▶ _Provided records_
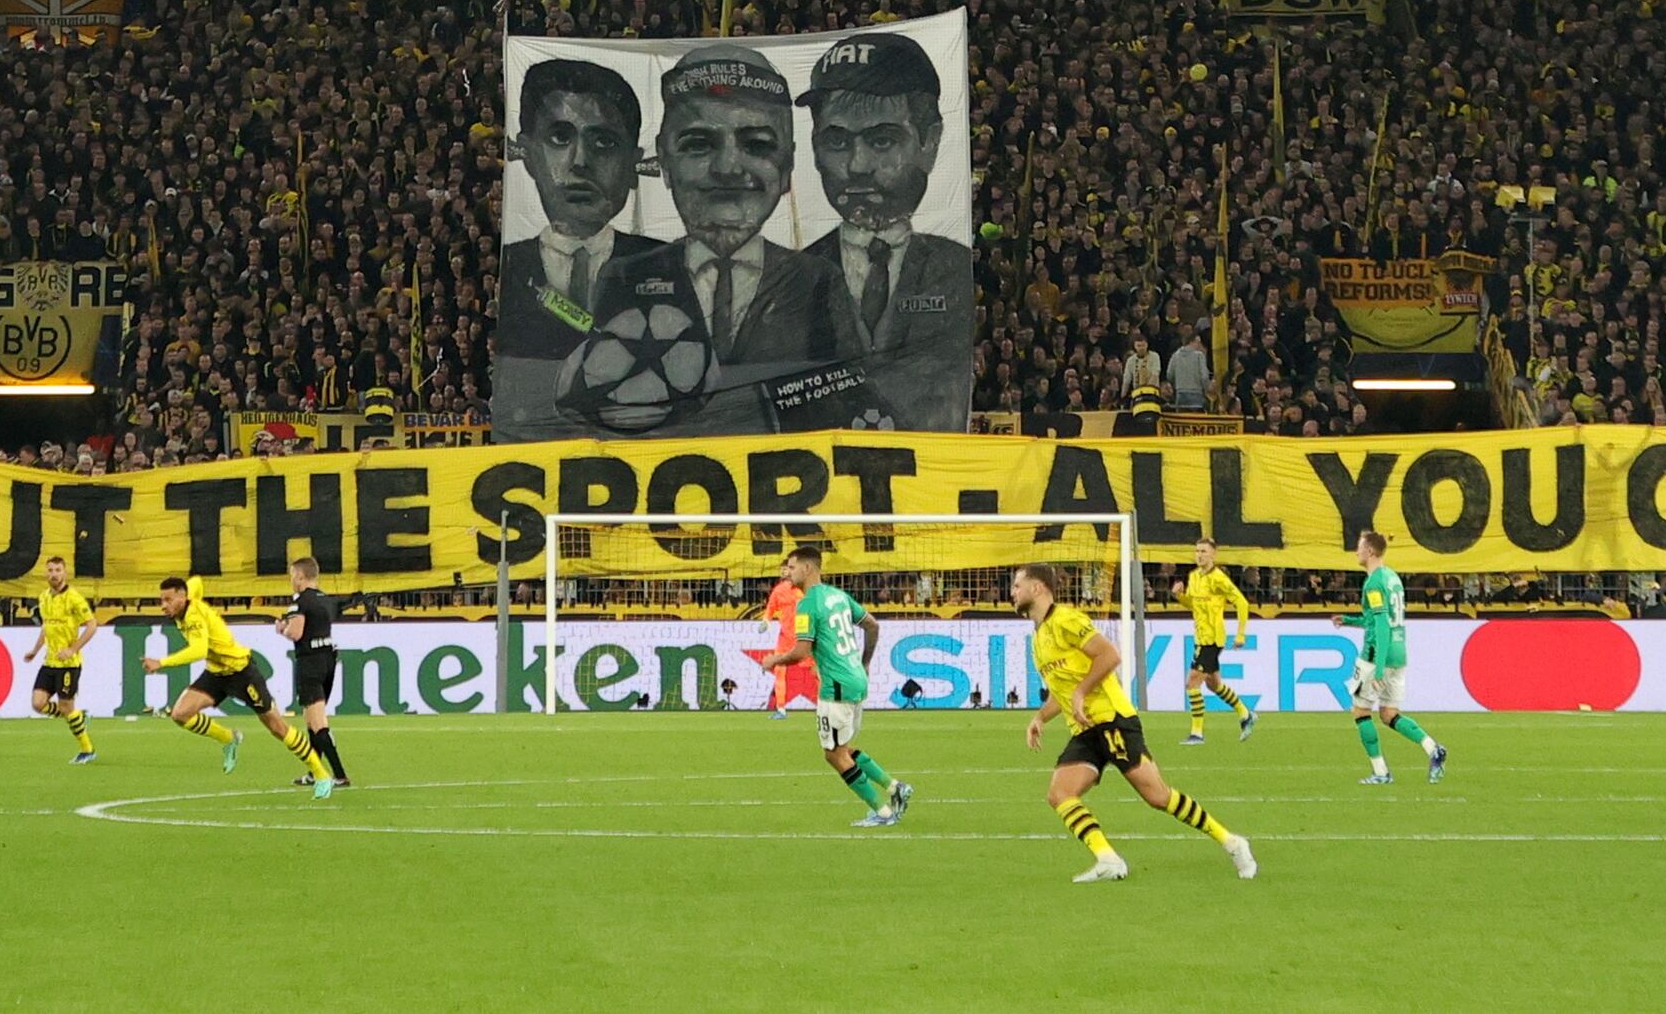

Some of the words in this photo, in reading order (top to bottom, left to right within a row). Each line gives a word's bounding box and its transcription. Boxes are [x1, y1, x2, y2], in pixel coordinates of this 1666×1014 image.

[710, 63, 747, 76] RULES
[739, 76, 785, 94] AROUND
[1325, 263, 1352, 279] NO
[3, 315, 58, 358] BVB
[16, 357, 41, 373] 09
[776, 381, 805, 397] HOW
[805, 375, 823, 388] TO
[826, 368, 851, 382] KILL
[776, 396, 802, 410] THE
[167, 467, 432, 577] THE
[471, 445, 917, 567] SPORT
[1032, 445, 1283, 550] ALL
[1306, 444, 1586, 553] YOU
[828, 609, 859, 657] 39
[113, 623, 726, 716] Hneken
[1103, 728, 1124, 754] 14

▶ _Aim of the task_
Everything in the data except the pictures needs to be written out exactly.

▶ _Answer for the task_
Some of the words in this photo, in reading order (top to bottom, left to right within a row). Each line gives a word's bounding box and its transcription. Boxes are [x1, y1, x2, y2], in pixel coordinates of this 1666×1014 image.

[710, 63, 747, 76] RULES
[739, 76, 785, 94] AROUND
[1325, 263, 1352, 279] NO
[3, 315, 58, 358] BVB
[16, 357, 41, 373] 09
[776, 381, 805, 397] HOW
[805, 375, 823, 388] TO
[826, 368, 851, 382] KILL
[776, 396, 802, 410] THE
[167, 467, 432, 577] THE
[471, 445, 917, 567] SPORT
[1032, 445, 1283, 550] ALL
[1306, 444, 1586, 553] YOU
[828, 609, 859, 657] 39
[113, 623, 726, 716] Hneken
[1103, 728, 1124, 754] 14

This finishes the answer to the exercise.